これはフランスのルイ・ジャック・マンデ・ダゲールによって一八三○年代に発明された写真術で、彼の名前をとってダゲレオタイプともいわれる。
この写真は直接陽画法のため一撮影で一枚の画像しか作ることができない。しかも左右逆像である。
ペリー艦隊に同乗して来日した写真師はエリファレット・ブラウン・ジュニアである。
ブラウン・ジュニアは、浦賀奉行与力・田中光儀、浦賀奉行支配組頭・黒川嘉兵衛を撮影している。おそらく、下田で撮影したのもブラウン・ジュニアと思われる。
外国人が日本国内で日本人を撮影した最古の写真という位置づけで重要な写真とされている。
下田で撮影する時、すでに「写すと三年の寿命で死ぬ」という迷言ができていて、誰も恐れて写さないと大庭・谷村が報告している。
銀メッキの板に直接、光を当てて画像を写す技法なので、「砂金鏡★さきんかがみ★」と翻訳したのである。実際、銀メッキの板を見ての日本語化であったと思われる。
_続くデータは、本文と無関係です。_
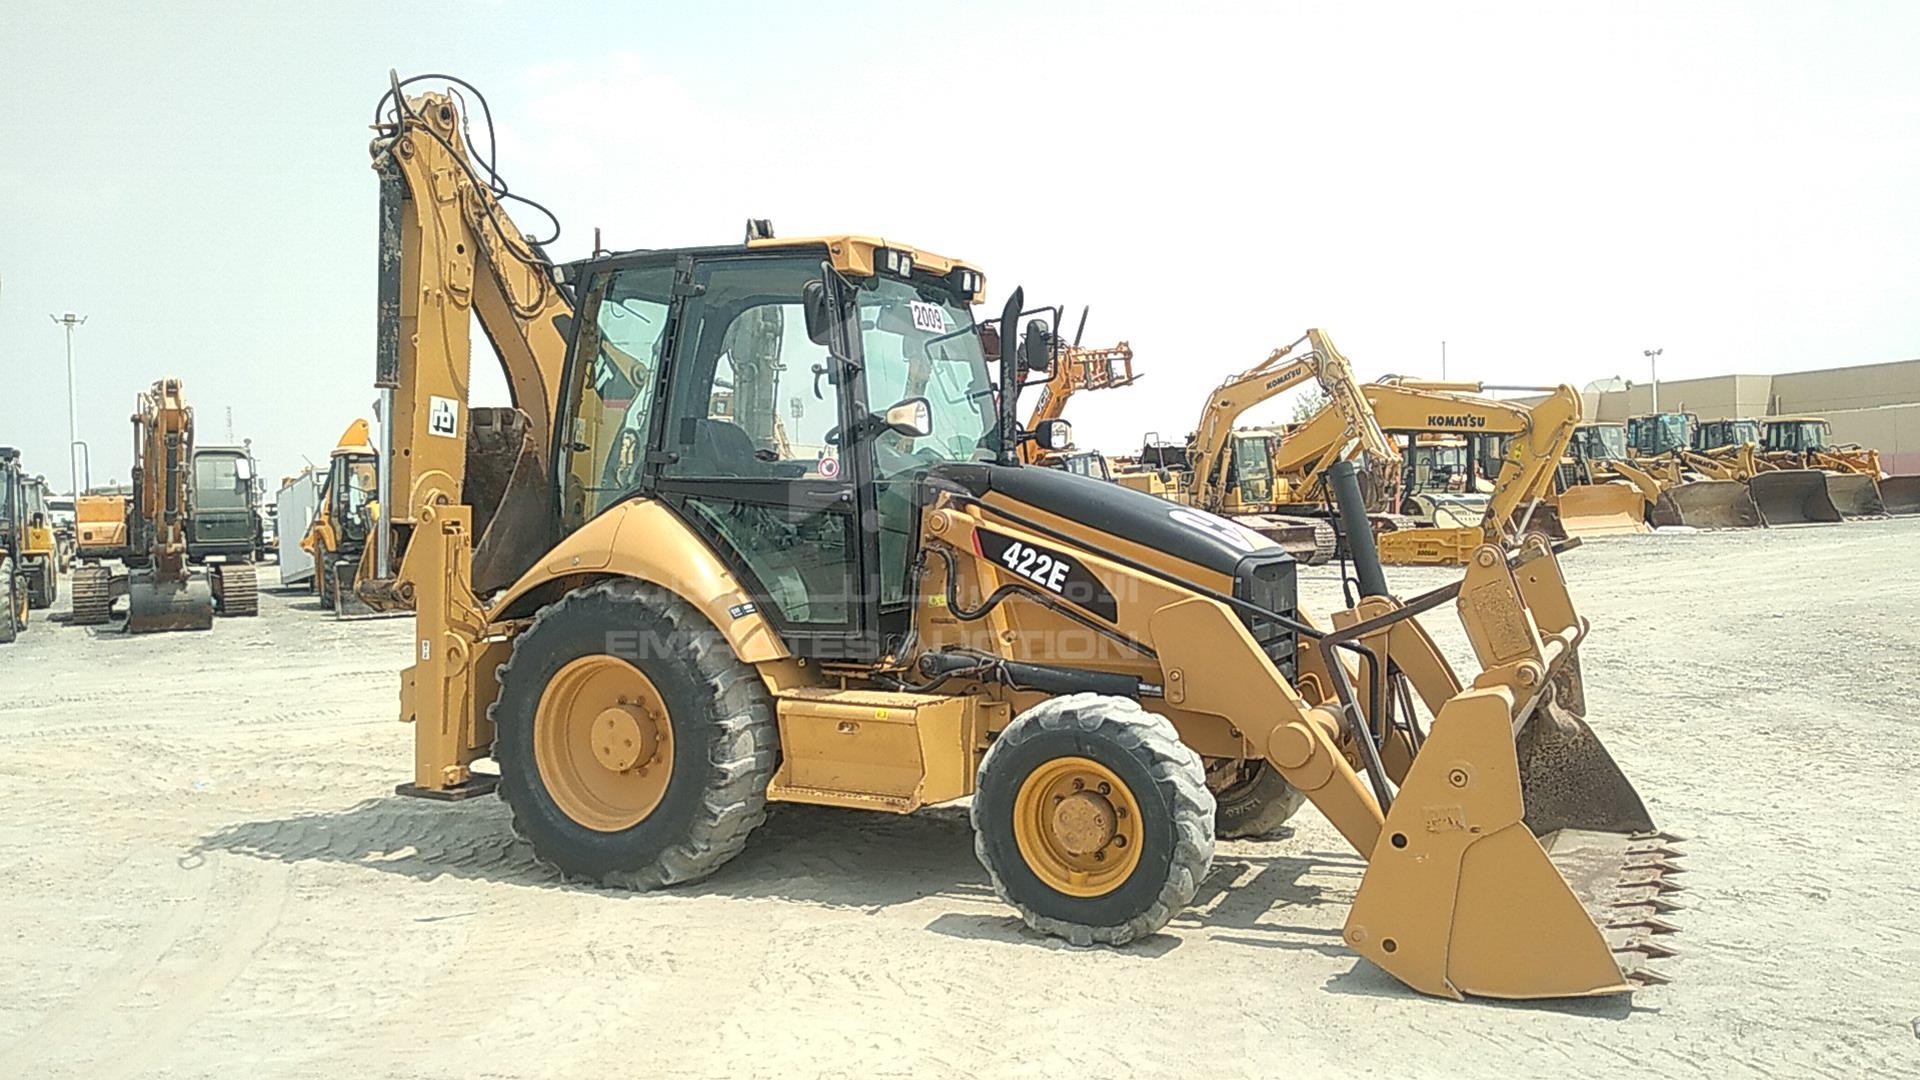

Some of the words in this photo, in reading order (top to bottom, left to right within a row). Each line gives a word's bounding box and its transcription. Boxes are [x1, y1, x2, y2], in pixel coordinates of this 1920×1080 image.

大庭、谷村が実際撮影している風景を見ていたのか、伝聞だけで報告書を作成したのか不明である。
文章からの感じでは「甚だめずらしいものです」と報告しているので、撮影しているところを見ての報告と思われる。
○異船バッティラと申すのを日本のテンマ船のように思っていますがそれは違います。
筒(大砲)が装備できる打ち船という意味だそうです。才八が咄の他に小船があります。それが当方のてんまです。風が無い時は六人両脇に腰かけてカイ★●●★で漕ぎます。大変早く肝つぶした申します。風のある時は革の帆を使うようです。
ペリー艦隊が軍艦に積んできた小さな舟についての報告である。
バッティラと言われているのは、日本でテンマ船と言う、本船と陸との連絡に使われる船と違うと書いている。バッティラと言うのは大砲が装備できる「打ち船」という意味であると報告している。
谷村才八の報告に他の小舟がでてきますが、それが日本側のテンマ船のことです。これは無風の時は六人ずつ左右に腰かけて、オールで漕いでいきます。カッターである。大変早く、びっくりします。風がある時は革の帆で帆走しますと、書いている。
大庭・谷村は下田の湾内で帆走する小舟を見ての報告である。